-- Opening Marker --
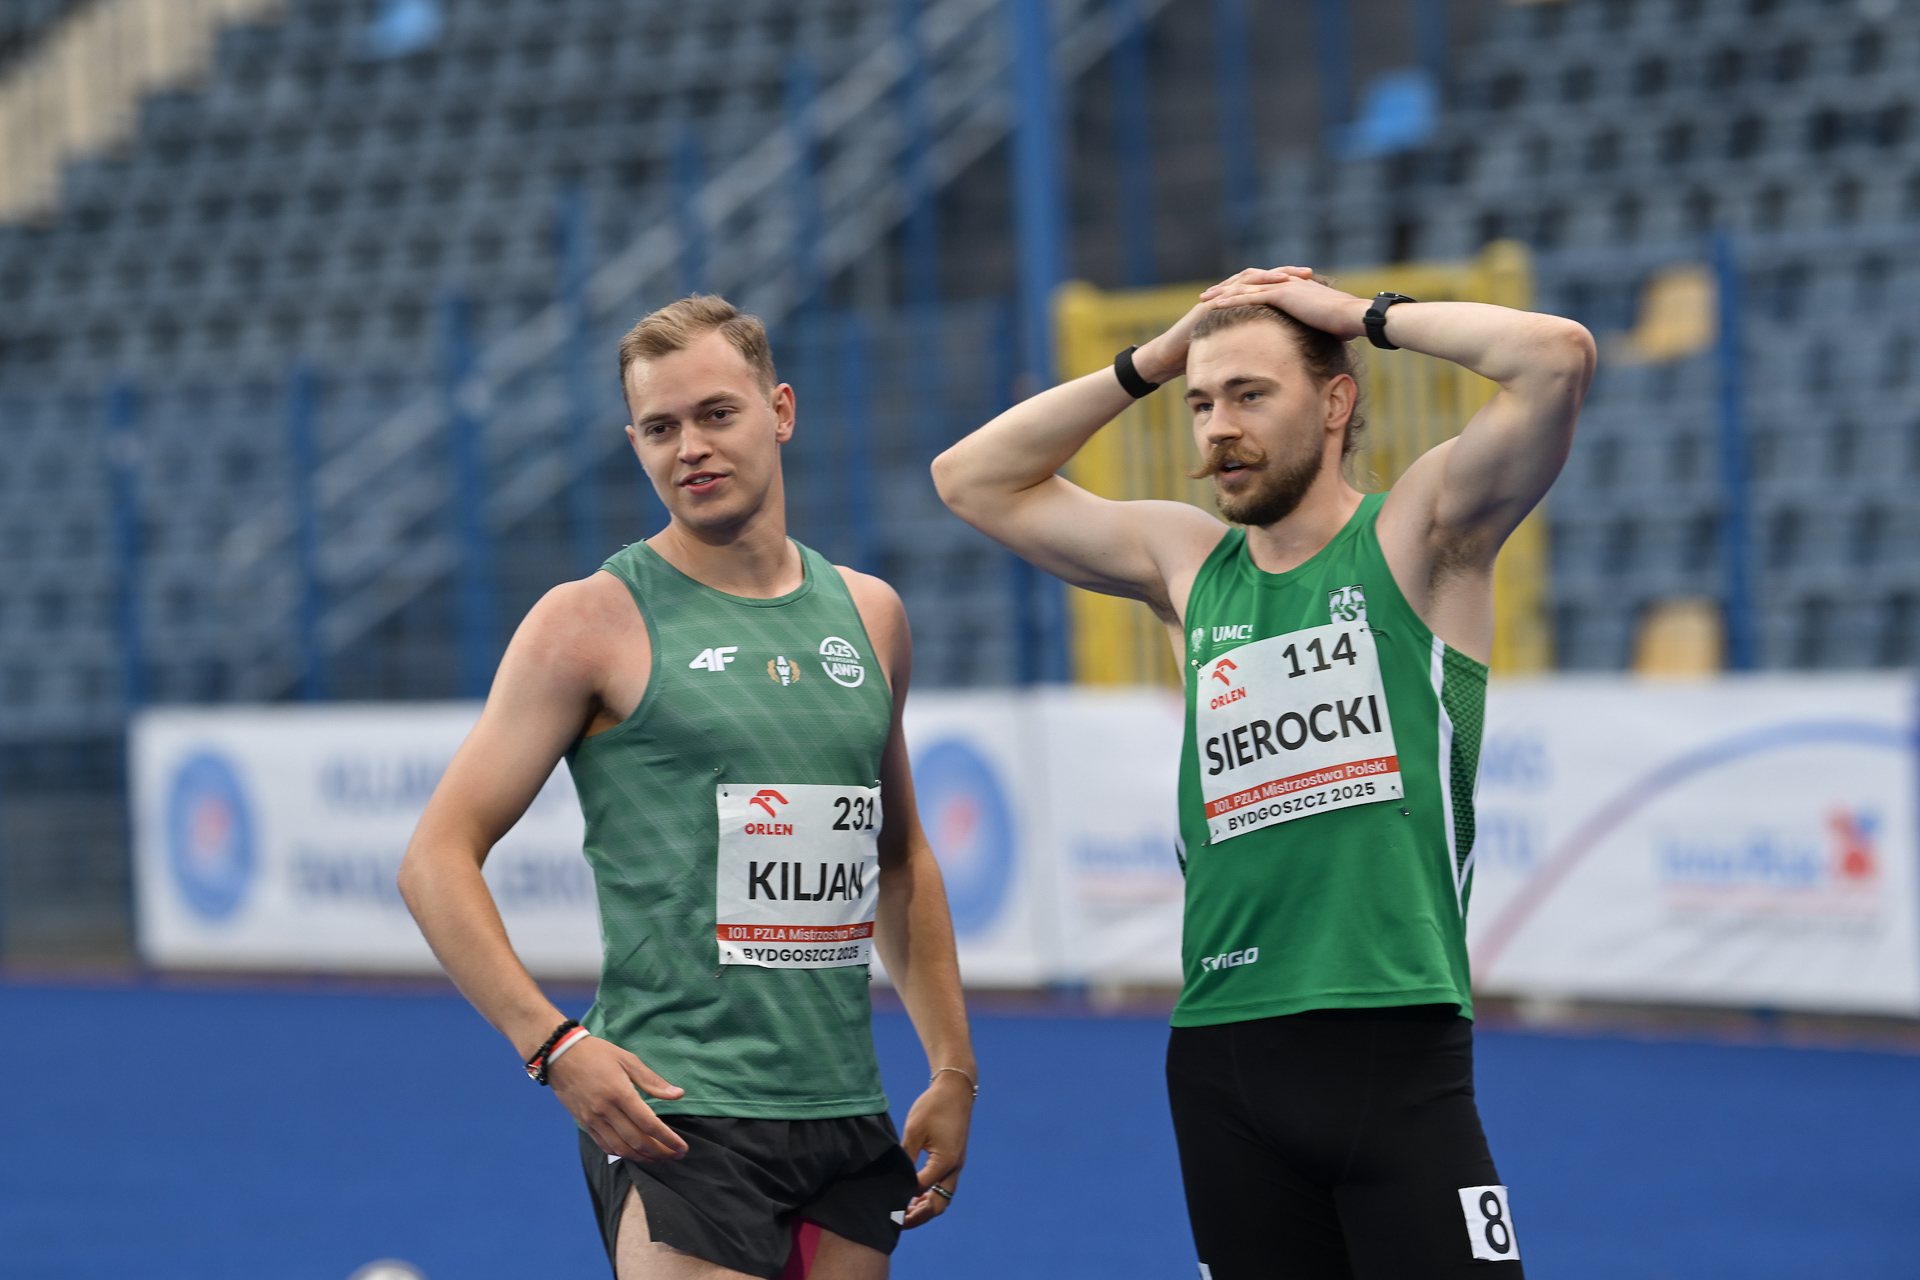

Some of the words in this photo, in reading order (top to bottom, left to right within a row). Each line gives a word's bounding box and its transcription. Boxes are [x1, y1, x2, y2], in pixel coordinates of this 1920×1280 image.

[827, 643, 852, 658] AZS
[1282, 632, 1357, 679] 114
[832, 662, 859, 678] AWF
[1210, 686, 1246, 710] ORLEN
[1206, 694, 1383, 776] SIEROCKI
[1234, 790, 1262, 807] PZLA
[1262, 769, 1344, 799] Mistrzostwa
[1346, 759, 1388, 778] Polski
[832, 796, 874, 831] 231
[1228, 791, 1328, 831] BYDGOSZCZ
[1331, 781, 1377, 802] 2025
[744, 822, 793, 836] ORLEN
[748, 861, 865, 902] KILJAN
[728, 926, 751, 940] 101.
[753, 928, 788, 941] PZLA
[789, 926, 849, 941] Mistrzostwa
[743, 948, 838, 963] BYDGOSZCZ
[836, 945, 860, 960] 2025
[1479, 1190, 1511, 1255] 8
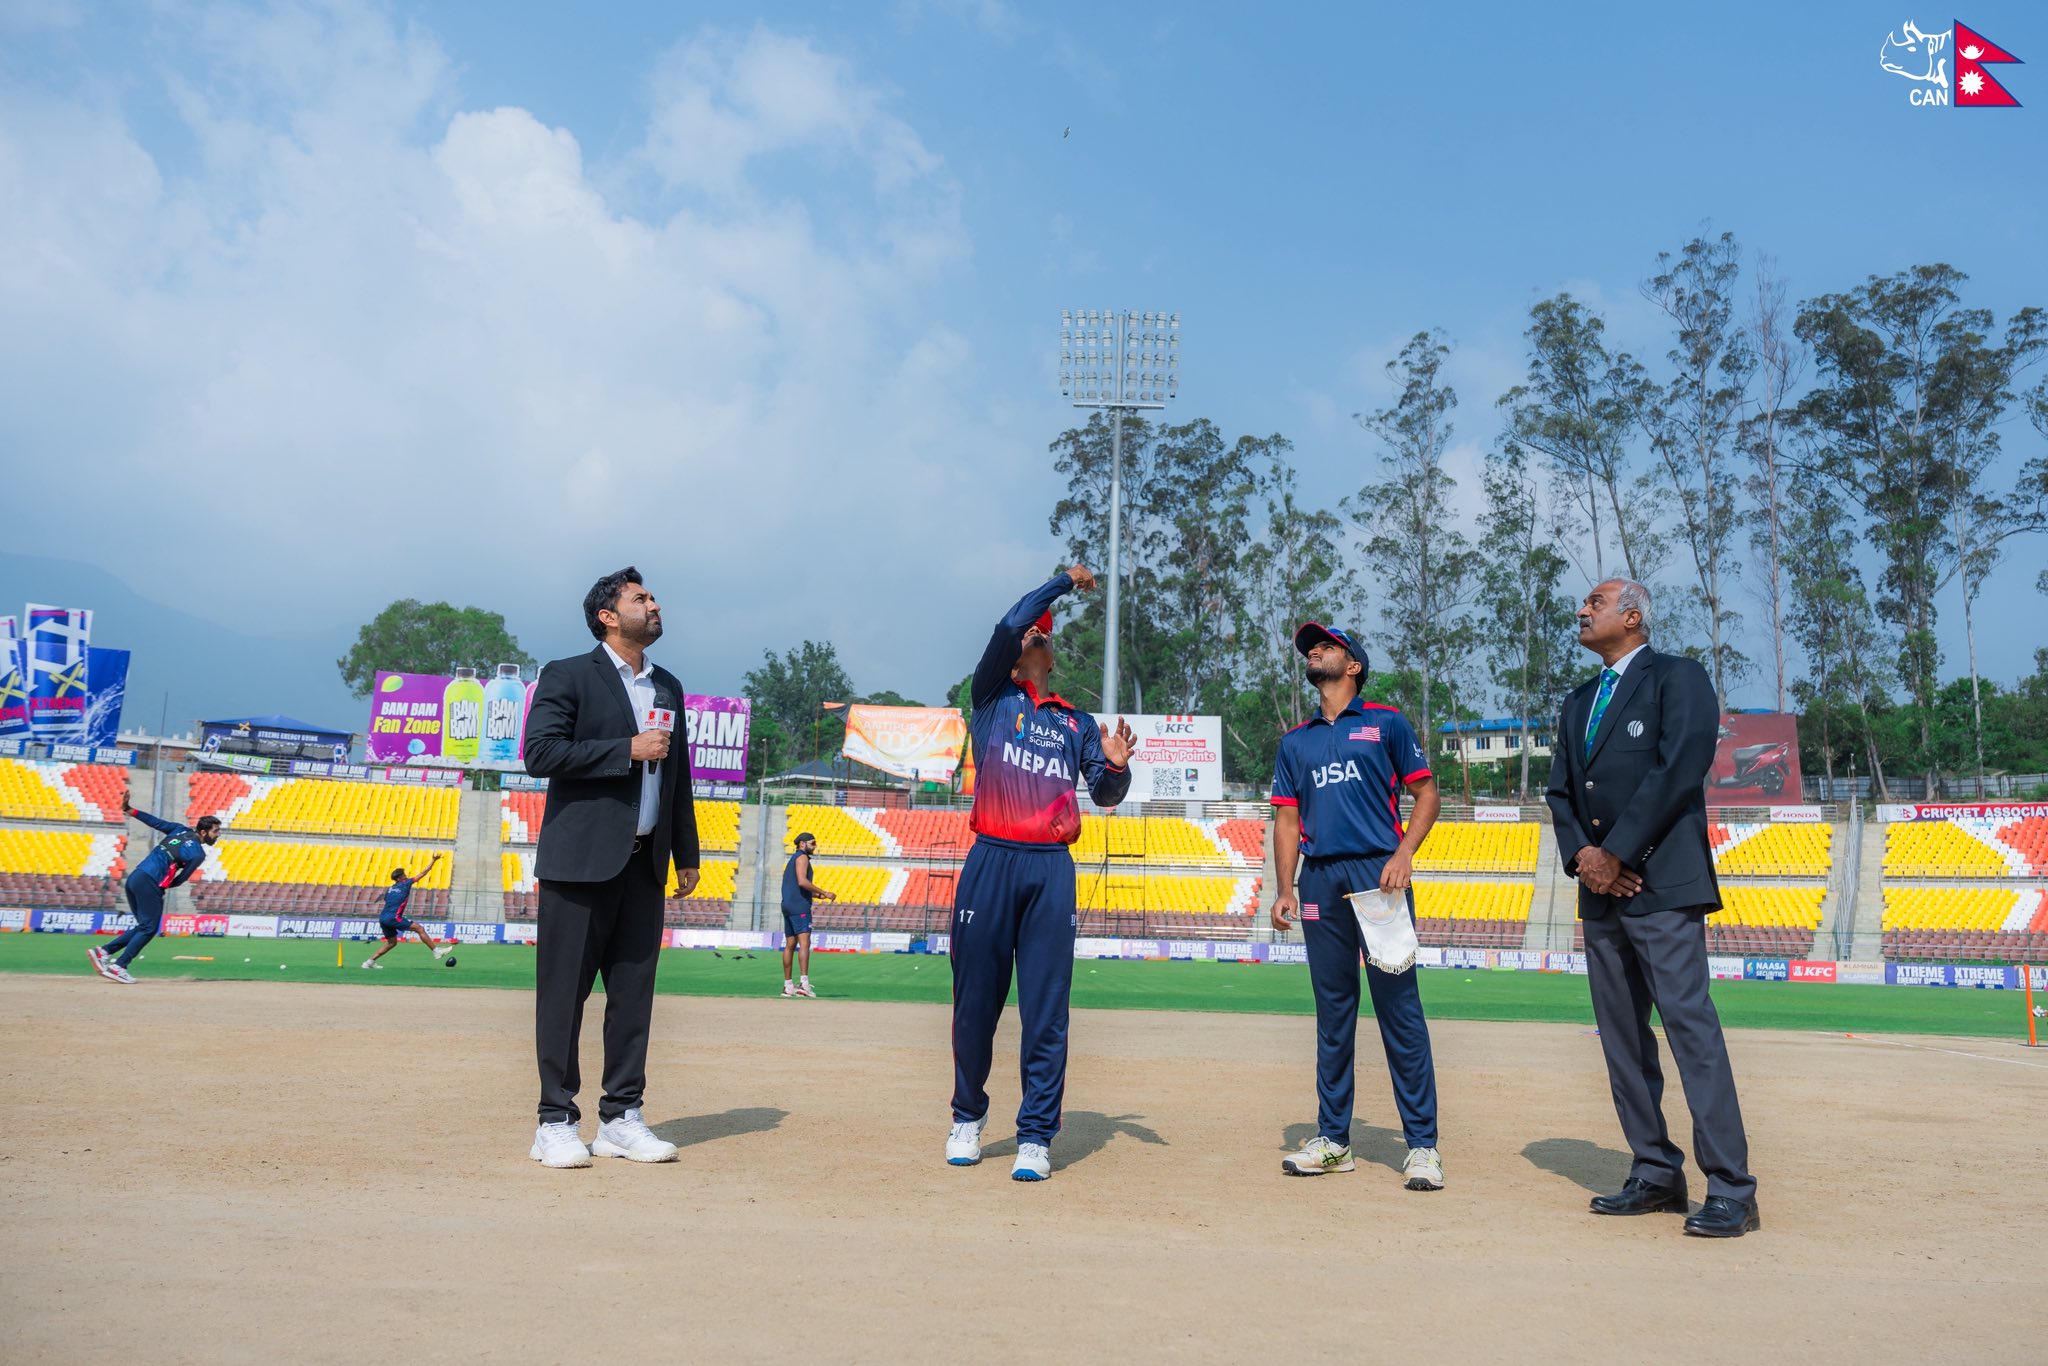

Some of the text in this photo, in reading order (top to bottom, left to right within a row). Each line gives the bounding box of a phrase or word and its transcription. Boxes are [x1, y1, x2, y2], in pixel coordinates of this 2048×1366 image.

[0, 706, 26, 720] EME
[381, 702, 408, 716] BAM
[410, 702, 438, 717] BAM
[453, 700, 479, 719] BAM
[491, 698, 519, 719] BAM
[373, 716, 441, 734] Fan Zone
[686, 709, 746, 747] BAM
[1165, 724, 1193, 733] KFC
[694, 747, 744, 770] DRINK
[1003, 742, 1071, 780] NEPAL
[1136, 749, 1216, 764] Loyalty Points
[1312, 760, 1362, 788] USA
[1921, 805, 2048, 819] CRICKET ASSOCIAT
[43, 912, 94, 924] XTREME
[960, 909, 974, 924] 17
[165, 919, 195, 927] JUICE
[280, 920, 335, 934] BAM BAM!
[341, 922, 383, 934] BAM BA
[454, 924, 496, 935] XTREME
[826, 934, 863, 945] XTREME
[1132, 941, 1159, 949] NAASA
[1170, 942, 1207, 953] XTREME
[1215, 943, 1252, 954] XTREME
[1269, 945, 1306, 956] XTREME
[1446, 950, 1463, 960] MAX
[1467, 951, 1486, 961] TIGER
[1501, 951, 1540, 963] MAX TIGER
[1550, 953, 1587, 965] MAX TIGE
[1711, 964, 1742, 973] MetLife
[1756, 962, 1786, 971] NAASA
[1804, 966, 1834, 977] KFC
[1896, 966, 1944, 978] XTREME
[1756, 970, 1786, 978] SECURITIES
[1954, 967, 2004, 980] XTREME
[1897, 977, 1922, 985] ENERGY
[2019, 979, 2047, 988] EERGY
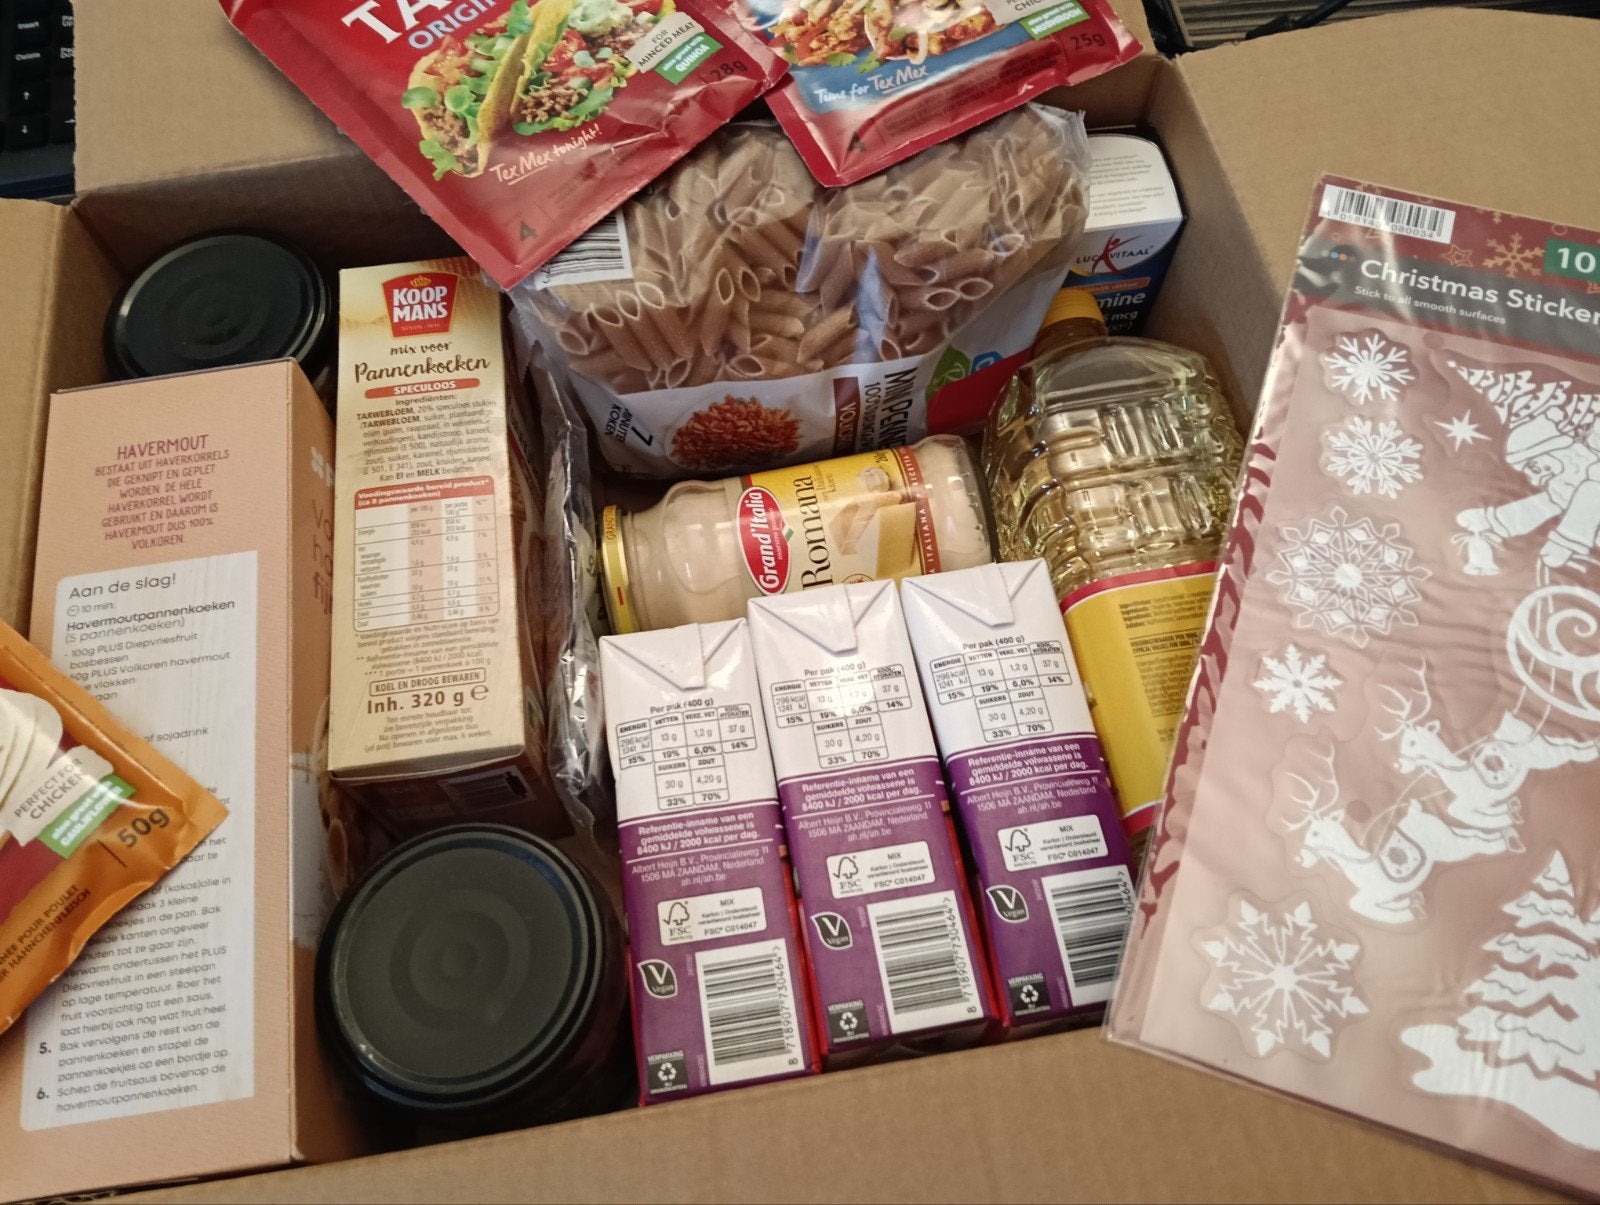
-- Closing Marker --
*BRIEF*:
When you transcribe these entries, keep every word exact and drop the pictures.

*RESULT OF THE EXERCISE*:
Some of the words in this photo, in reading order (top to bottom, left to right within a row). Each line gives a word's bounding box and its transcription. Boxes are [x1, y1, x2, y2], in pixel coordinates of this 1920×1280 image.

[827, 643, 852, 658] AZS
[1282, 632, 1357, 679] 114
[832, 662, 859, 678] AWF
[1210, 686, 1246, 710] ORLEN
[1206, 694, 1383, 776] SIEROCKI
[1234, 790, 1262, 807] PZLA
[1262, 769, 1344, 799] Mistrzostwa
[1346, 759, 1388, 778] Polski
[832, 796, 874, 831] 231
[1228, 791, 1328, 831] BYDGOSZCZ
[1331, 781, 1377, 802] 2025
[744, 822, 793, 836] ORLEN
[748, 861, 865, 902] KILJAN
[728, 926, 751, 940] 101.
[753, 928, 788, 941] PZLA
[789, 926, 849, 941] Mistrzostwa
[743, 948, 838, 963] BYDGOSZCZ
[836, 945, 860, 960] 2025
[1479, 1190, 1511, 1255] 8

Some of the text in this photo, in reading order (top to bottom, left to right within a row). Each line gives the bounding box of a phrase or word and its transcription. Boxes are [x1, y1, x2, y2], in pixel coordinates of this 2048×1366 image.

[0, 706, 26, 720] EME
[381, 702, 408, 716] BAM
[410, 702, 438, 717] BAM
[453, 700, 479, 719] BAM
[491, 698, 519, 719] BAM
[373, 716, 441, 734] Fan Zone
[686, 709, 746, 747] BAM
[1165, 724, 1193, 733] KFC
[694, 747, 744, 770] DRINK
[1003, 742, 1071, 780] NEPAL
[1136, 749, 1216, 764] Loyalty Points
[1312, 760, 1362, 788] USA
[1921, 805, 2048, 819] CRICKET ASSOCIAT
[43, 912, 94, 924] XTREME
[960, 909, 974, 924] 17
[165, 919, 195, 927] JUICE
[280, 920, 335, 934] BAM BAM!
[341, 922, 383, 934] BAM BA
[454, 924, 496, 935] XTREME
[826, 934, 863, 945] XTREME
[1132, 941, 1159, 949] NAASA
[1170, 942, 1207, 953] XTREME
[1215, 943, 1252, 954] XTREME
[1269, 945, 1306, 956] XTREME
[1446, 950, 1463, 960] MAX
[1467, 951, 1486, 961] TIGER
[1501, 951, 1540, 963] MAX TIGER
[1550, 953, 1587, 965] MAX TIGE
[1711, 964, 1742, 973] MetLife
[1756, 962, 1786, 971] NAASA
[1804, 966, 1834, 977] KFC
[1896, 966, 1944, 978] XTREME
[1756, 970, 1786, 978] SECURITIES
[1954, 967, 2004, 980] XTREME
[1897, 977, 1922, 985] ENERGY
[2019, 979, 2047, 988] EERGY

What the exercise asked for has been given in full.